Problem to solve =
Extract the data exactly, missing nothing.

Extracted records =
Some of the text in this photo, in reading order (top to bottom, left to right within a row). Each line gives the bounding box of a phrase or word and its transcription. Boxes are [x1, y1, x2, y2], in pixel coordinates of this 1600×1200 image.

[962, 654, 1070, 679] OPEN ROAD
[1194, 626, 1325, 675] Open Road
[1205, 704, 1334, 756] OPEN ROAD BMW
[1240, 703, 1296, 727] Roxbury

Solution to the exercise =
Some of the text in this photo, in reading order (top to bottom, left to right within a row). Each line gives the bounding box of a phrase or word and its transcription. Boxes are [x1, y1, x2, y2], in pixel coordinates of this 1600×1200 image.

[962, 654, 1070, 679] OPEN ROAD
[1194, 626, 1325, 675] Open Road
[1205, 704, 1334, 756] OPEN ROAD BMW
[1240, 703, 1296, 727] Roxbury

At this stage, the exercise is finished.